TASK INPUTS START

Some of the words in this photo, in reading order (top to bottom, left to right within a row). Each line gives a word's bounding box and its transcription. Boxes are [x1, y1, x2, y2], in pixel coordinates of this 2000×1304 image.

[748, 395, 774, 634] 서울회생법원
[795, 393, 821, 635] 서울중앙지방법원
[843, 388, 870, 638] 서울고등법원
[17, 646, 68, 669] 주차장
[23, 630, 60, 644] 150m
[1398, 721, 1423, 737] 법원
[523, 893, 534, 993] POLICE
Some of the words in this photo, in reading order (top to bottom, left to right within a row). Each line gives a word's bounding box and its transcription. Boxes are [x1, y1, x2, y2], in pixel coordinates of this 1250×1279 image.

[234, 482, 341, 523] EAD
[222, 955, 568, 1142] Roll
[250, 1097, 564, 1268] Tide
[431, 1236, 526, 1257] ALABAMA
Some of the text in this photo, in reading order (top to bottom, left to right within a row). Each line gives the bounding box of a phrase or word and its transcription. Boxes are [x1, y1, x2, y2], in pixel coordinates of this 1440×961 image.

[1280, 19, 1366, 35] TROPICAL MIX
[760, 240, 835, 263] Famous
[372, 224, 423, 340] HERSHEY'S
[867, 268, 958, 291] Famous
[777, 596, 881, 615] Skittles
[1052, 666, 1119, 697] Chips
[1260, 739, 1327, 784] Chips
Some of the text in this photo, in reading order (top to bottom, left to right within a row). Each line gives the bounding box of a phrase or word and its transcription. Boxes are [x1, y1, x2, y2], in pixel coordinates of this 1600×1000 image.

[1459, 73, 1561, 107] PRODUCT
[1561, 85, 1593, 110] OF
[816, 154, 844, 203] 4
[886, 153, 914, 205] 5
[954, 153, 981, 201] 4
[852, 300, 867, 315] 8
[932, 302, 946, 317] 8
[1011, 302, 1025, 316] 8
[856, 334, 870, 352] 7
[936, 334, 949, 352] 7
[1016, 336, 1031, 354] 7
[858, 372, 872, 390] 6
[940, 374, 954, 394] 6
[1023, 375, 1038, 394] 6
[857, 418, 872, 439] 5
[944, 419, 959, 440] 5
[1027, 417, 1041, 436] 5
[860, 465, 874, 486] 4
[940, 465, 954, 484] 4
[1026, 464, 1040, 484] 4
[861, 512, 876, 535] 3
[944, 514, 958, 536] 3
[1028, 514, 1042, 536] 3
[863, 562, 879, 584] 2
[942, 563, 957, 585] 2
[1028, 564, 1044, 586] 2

TASK INPUTS END

EXERCISE REQUIREMENTS: Set down the entries again, exactly as they stand above.

RESPONSE TO THE EXERCISE:
Some of the words in this photo, in reading order (top to bottom, left to right within a row). Each line gives a word's bounding box and its transcription. Boxes are [x1, y1, x2, y2], in pixel coordinates of this 2000×1304 image.

[748, 395, 774, 634] 서울회생법원
[795, 393, 821, 635] 서울중앙지방법원
[843, 388, 870, 638] 서울고등법원
[17, 646, 68, 669] 주차장
[23, 630, 60, 644] 150m
[1398, 721, 1423, 737] 법원
[523, 893, 534, 993] POLICE
Some of the words in this photo, in reading order (top to bottom, left to right within a row). Each line gives a word's bounding box and its transcription. Boxes are [x1, y1, x2, y2], in pixel coordinates of this 1250×1279 image.

[234, 482, 341, 523] EAD
[222, 955, 568, 1142] Roll
[250, 1097, 564, 1268] Tide
[431, 1236, 526, 1257] ALABAMA
Some of the text in this photo, in reading order (top to bottom, left to right within a row). Each line gives the bounding box of a phrase or word and its transcription. Boxes are [x1, y1, x2, y2], in pixel coordinates of this 1440×961 image.

[1280, 19, 1366, 35] TROPICAL MIX
[760, 240, 835, 263] Famous
[372, 224, 423, 340] HERSHEY'S
[867, 268, 958, 291] Famous
[777, 596, 881, 615] Skittles
[1052, 666, 1119, 697] Chips
[1260, 739, 1327, 784] Chips
Some of the text in this photo, in reading order (top to bottom, left to right within a row). Each line gives the bounding box of a phrase or word and its transcription. Boxes are [x1, y1, x2, y2], in pixel coordinates of this 1600×1000 image.

[1459, 73, 1561, 107] PRODUCT
[1561, 85, 1593, 110] OF
[816, 154, 844, 203] 4
[886, 153, 914, 205] 5
[954, 153, 981, 201] 4
[852, 300, 867, 315] 8
[932, 302, 946, 317] 8
[1011, 302, 1025, 316] 8
[856, 334, 870, 352] 7
[936, 334, 949, 352] 7
[1016, 336, 1031, 354] 7
[858, 372, 872, 390] 6
[940, 374, 954, 394] 6
[1023, 375, 1038, 394] 6
[857, 418, 872, 439] 5
[944, 419, 959, 440] 5
[1027, 417, 1041, 436] 5
[860, 465, 874, 486] 4
[940, 465, 954, 484] 4
[1026, 464, 1040, 484] 4
[861, 512, 876, 535] 3
[944, 514, 958, 536] 3
[1028, 514, 1042, 536] 3
[863, 562, 879, 584] 2
[942, 563, 957, 585] 2
[1028, 564, 1044, 586] 2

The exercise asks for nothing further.